··· Data for this task
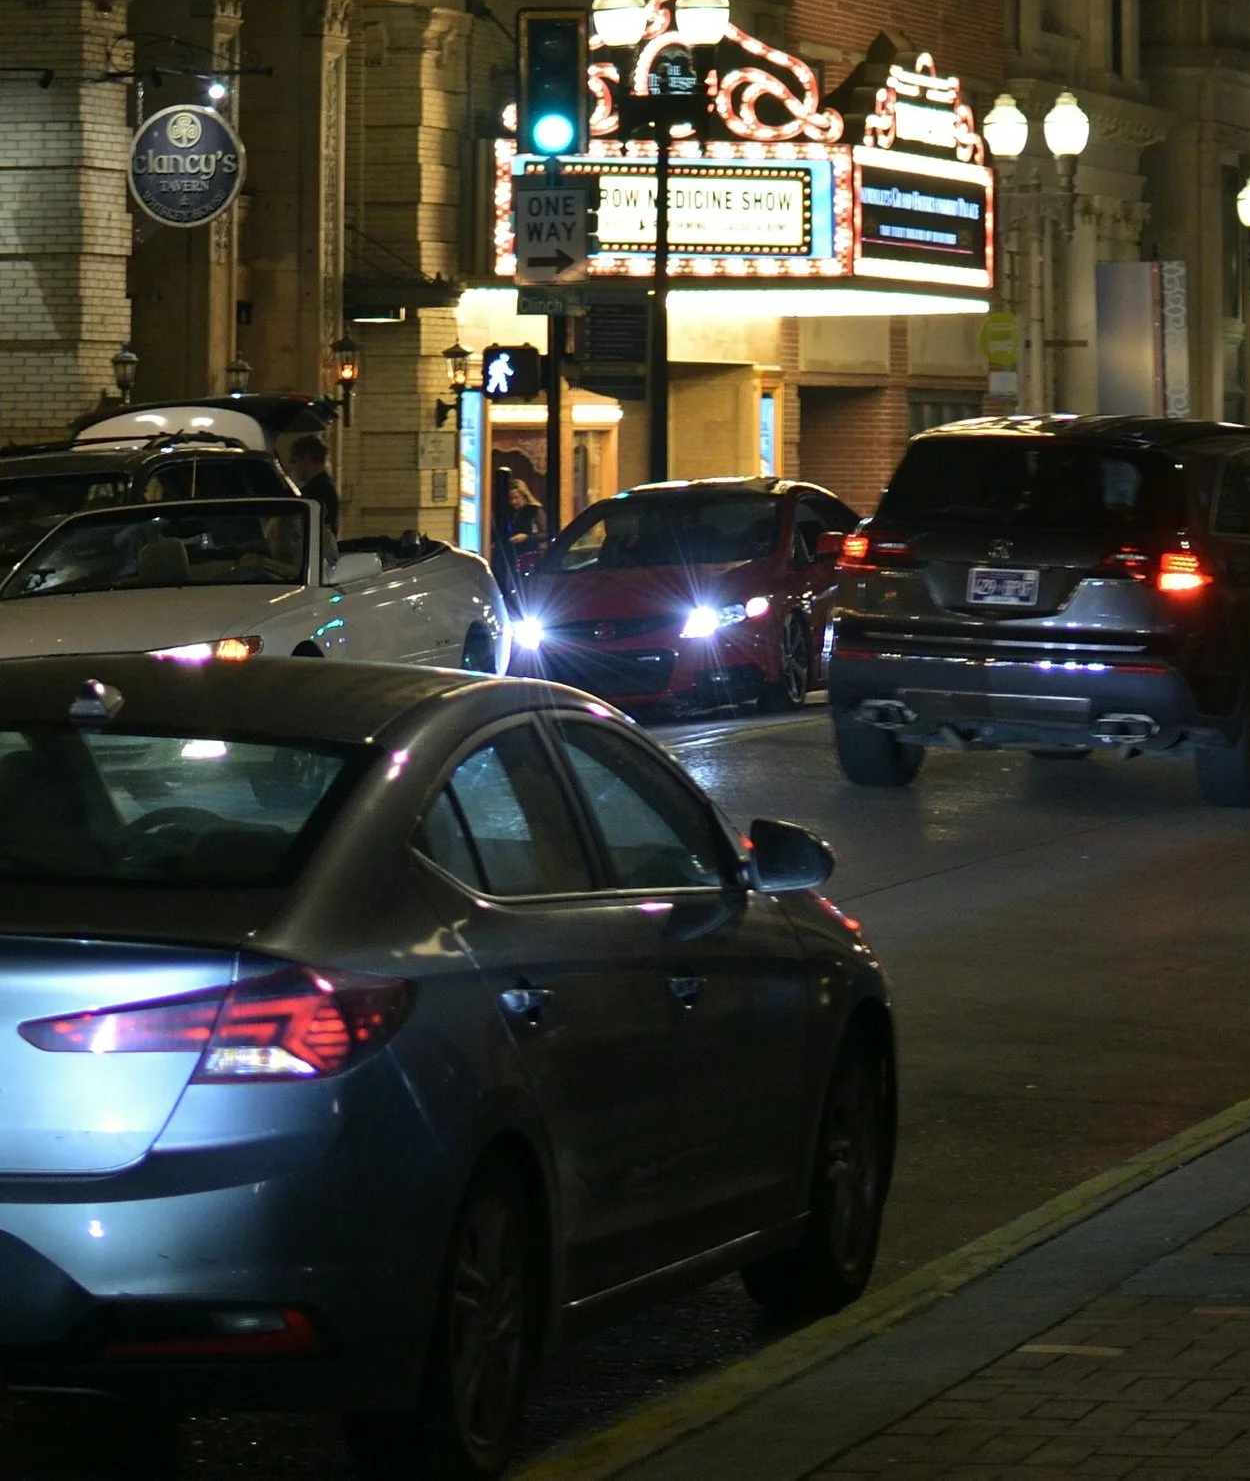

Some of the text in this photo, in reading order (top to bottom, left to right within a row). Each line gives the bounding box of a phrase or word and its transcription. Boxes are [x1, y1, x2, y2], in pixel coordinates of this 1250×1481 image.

[133, 149, 237, 180] clancy's
[158, 180, 210, 192] TAVERN
[527, 196, 576, 216] ONE
[742, 191, 793, 211] SHOW
[525, 221, 577, 242] WAY
······
■ The problem ■
Render the data above verbatim and without pictures.

■ Exercise result ■
Some of the text in this photo, in reading order (top to bottom, left to right within a row). Each line gives the bounding box of a phrase or word and its transcription. Boxes are [x1, y1, x2, y2], in pixel coordinates of this 1250×1481 image.

[133, 149, 237, 180] clancy's
[158, 180, 210, 192] TAVERN
[527, 196, 576, 216] ONE
[742, 191, 793, 211] SHOW
[525, 221, 577, 242] WAY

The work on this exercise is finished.